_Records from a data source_
[Start of Attachment]
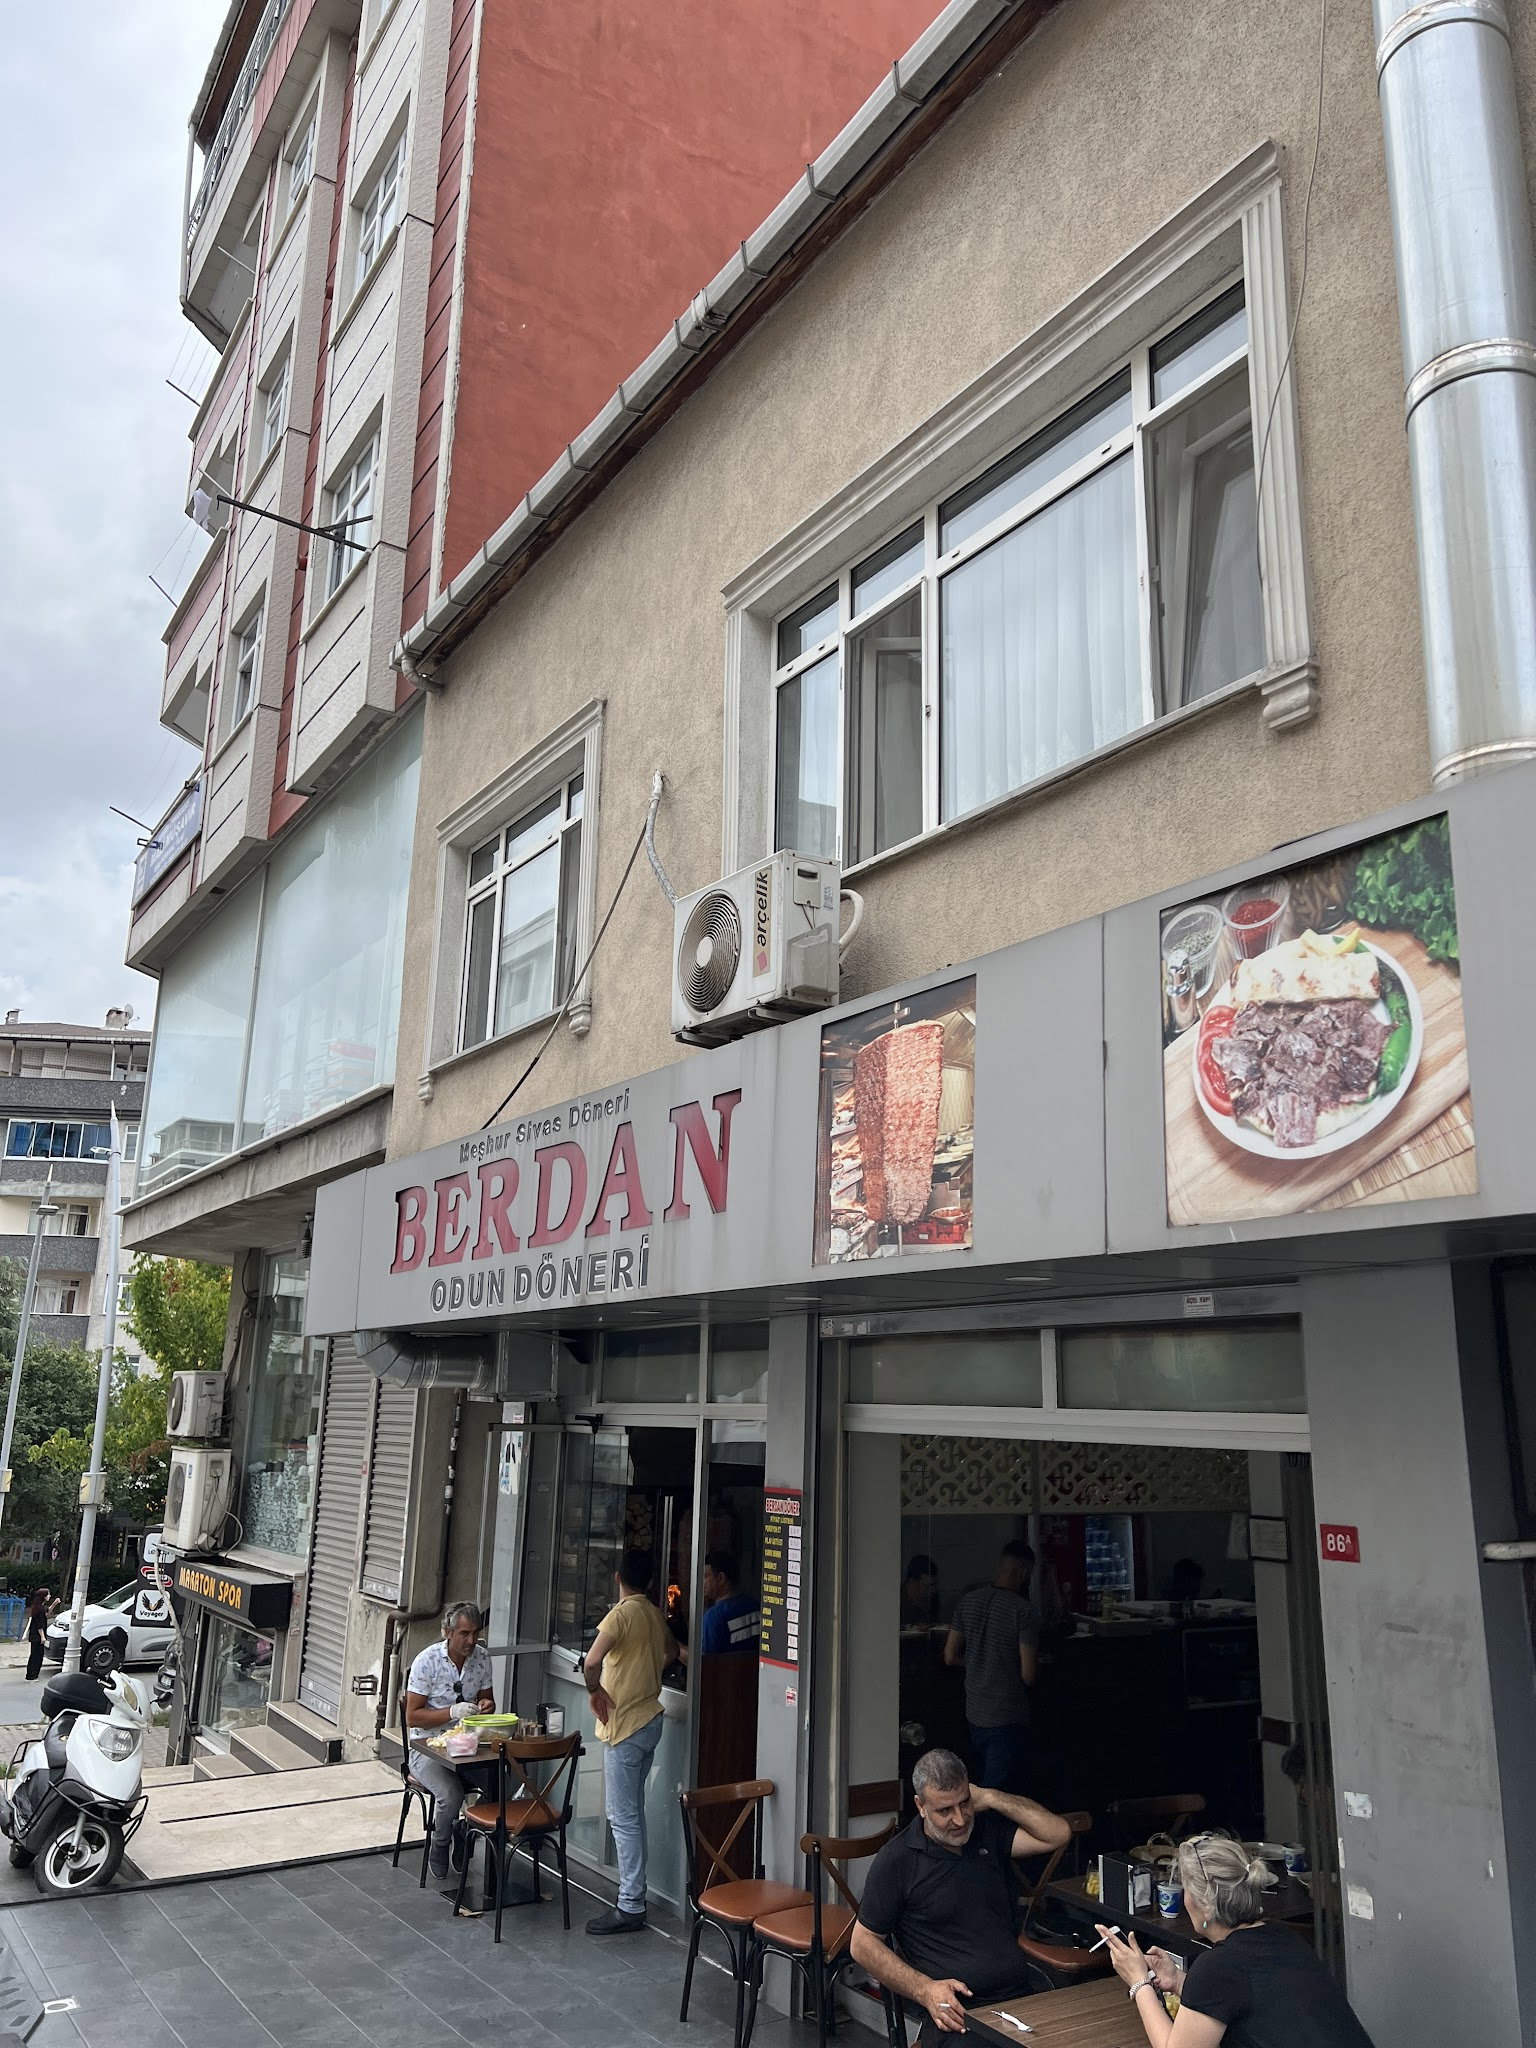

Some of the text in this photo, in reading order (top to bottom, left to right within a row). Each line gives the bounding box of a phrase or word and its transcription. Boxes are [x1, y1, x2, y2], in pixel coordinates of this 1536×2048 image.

[756, 871, 769, 947] arçelik
[459, 1087, 631, 1164] Meşhur Sivas Döneri
[390, 1087, 742, 1274] BERDAN
[430, 1234, 651, 1313] ODUN DÖNERİ
[1326, 1533, 1352, 1552] 86A
[139, 1610, 164, 1618] Voyager
[179, 1567, 242, 1609] MARATON SPOR
[End of Attachment]
_WHAT YOU ARE ASKED TO DO_
The records above are to be transcribed word for word. Skip the images.

_REPLY_
Some of the text in this photo, in reading order (top to bottom, left to right within a row). Each line gives the bounding box of a phrase or word and its transcription. Boxes are [x1, y1, x2, y2], in pixel coordinates of this 1536×2048 image.

[756, 871, 769, 947] arçelik
[459, 1087, 631, 1164] Meşhur Sivas Döneri
[390, 1087, 742, 1274] BERDAN
[430, 1234, 651, 1313] ODUN DÖNERİ
[1326, 1533, 1352, 1552] 86A
[139, 1610, 164, 1618] Voyager
[179, 1567, 242, 1609] MARATON SPOR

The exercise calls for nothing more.